Apparently, neither Rust Markov nor Luke Boone is interested in making new male friends. Female “friends,” however . . .

Warner shrugs. “You
say
whatever you need to say to hook him.”

I sigh, knowing that Warner's not going to give me the satisfaction of agreeing. He's 100 percent committed to the job. “Well, I can't sit in that bar week after week. People are going to start noticing.”

“I'll get the guys to rotate. Make it look like they're hiring you for the night.”

I shake my head. “Too risky. None of the girls 12 takes home are escorts.

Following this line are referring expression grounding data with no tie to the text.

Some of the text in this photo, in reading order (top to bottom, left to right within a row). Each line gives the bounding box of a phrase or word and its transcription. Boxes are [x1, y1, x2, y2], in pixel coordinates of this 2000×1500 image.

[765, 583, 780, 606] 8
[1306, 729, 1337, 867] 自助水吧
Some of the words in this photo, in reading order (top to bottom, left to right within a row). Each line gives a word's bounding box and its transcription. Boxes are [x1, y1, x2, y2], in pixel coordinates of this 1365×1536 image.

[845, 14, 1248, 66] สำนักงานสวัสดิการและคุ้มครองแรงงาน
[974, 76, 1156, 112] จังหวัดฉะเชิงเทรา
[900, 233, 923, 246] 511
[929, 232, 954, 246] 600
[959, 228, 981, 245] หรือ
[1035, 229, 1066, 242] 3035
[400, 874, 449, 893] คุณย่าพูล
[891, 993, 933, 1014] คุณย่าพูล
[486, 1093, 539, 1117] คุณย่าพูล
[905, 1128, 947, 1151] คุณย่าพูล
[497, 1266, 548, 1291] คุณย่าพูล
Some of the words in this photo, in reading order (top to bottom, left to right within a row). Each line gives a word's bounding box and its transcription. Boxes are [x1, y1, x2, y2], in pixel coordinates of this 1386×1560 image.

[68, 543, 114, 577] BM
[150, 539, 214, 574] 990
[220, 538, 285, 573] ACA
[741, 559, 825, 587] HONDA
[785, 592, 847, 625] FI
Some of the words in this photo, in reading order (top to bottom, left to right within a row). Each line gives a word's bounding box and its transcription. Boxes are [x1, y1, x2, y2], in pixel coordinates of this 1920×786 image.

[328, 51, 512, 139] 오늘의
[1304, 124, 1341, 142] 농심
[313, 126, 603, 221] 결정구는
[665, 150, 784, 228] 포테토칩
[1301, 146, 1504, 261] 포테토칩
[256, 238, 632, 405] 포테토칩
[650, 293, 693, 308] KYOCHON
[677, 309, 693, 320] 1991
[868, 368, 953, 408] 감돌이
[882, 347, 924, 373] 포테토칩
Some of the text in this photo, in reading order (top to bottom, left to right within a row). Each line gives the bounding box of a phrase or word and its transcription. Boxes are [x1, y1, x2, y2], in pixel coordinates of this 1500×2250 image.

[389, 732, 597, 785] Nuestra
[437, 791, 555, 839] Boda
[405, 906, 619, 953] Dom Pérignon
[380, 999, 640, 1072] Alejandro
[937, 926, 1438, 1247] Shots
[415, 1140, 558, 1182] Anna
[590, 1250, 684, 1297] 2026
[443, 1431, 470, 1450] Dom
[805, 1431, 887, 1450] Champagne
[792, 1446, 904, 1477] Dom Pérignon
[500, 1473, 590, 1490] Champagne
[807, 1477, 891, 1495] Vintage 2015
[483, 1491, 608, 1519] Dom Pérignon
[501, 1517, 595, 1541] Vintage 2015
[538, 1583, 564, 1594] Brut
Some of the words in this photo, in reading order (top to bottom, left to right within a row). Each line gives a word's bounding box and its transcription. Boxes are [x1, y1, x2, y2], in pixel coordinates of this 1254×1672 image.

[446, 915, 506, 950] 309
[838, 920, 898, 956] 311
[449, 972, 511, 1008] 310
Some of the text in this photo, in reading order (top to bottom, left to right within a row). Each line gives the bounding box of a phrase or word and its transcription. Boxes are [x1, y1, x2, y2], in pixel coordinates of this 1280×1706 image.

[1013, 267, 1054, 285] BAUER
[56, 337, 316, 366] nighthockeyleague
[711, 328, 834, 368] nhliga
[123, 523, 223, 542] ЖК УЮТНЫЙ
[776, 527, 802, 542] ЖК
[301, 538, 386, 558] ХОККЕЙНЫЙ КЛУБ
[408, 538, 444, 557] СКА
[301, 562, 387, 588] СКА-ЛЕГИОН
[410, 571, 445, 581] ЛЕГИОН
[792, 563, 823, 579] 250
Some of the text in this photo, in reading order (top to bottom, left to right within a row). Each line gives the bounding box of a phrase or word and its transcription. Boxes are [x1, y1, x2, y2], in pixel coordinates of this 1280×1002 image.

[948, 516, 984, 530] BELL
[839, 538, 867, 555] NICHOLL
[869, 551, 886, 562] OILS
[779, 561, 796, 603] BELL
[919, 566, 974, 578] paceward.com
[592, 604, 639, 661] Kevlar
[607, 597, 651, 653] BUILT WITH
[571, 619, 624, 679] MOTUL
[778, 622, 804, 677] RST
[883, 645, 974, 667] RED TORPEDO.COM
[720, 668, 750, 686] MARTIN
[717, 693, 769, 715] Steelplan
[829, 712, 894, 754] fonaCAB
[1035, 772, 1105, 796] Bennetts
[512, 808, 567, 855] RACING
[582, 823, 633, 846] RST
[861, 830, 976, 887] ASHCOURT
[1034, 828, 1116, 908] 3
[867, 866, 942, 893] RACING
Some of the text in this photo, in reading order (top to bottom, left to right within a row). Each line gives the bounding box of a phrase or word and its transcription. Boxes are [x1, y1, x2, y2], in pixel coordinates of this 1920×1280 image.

That may turn him off.”

“Okay then . . .” He leans forward to scoop up the case files, tossing them onto my lap. “What's gonna work? You're the one with your neck on the line. You're looking to go Fed. This is a big deal for you. So you tell me . . .” He stabs the stack of paper with his index finger. “What's our next move, boss?”

That's one of the things I like most about Warner. He could be an arrogant, condescending dick. The big-show FBI agent versus a mere metro cop pawn. But he's been nothing but a team player from day one. In fact, he reminds me a lot of the guys I work with back home. A tight group who take every opportunity to joke around and let loose, knowing how much we all need the release from what we see in our day-to-day.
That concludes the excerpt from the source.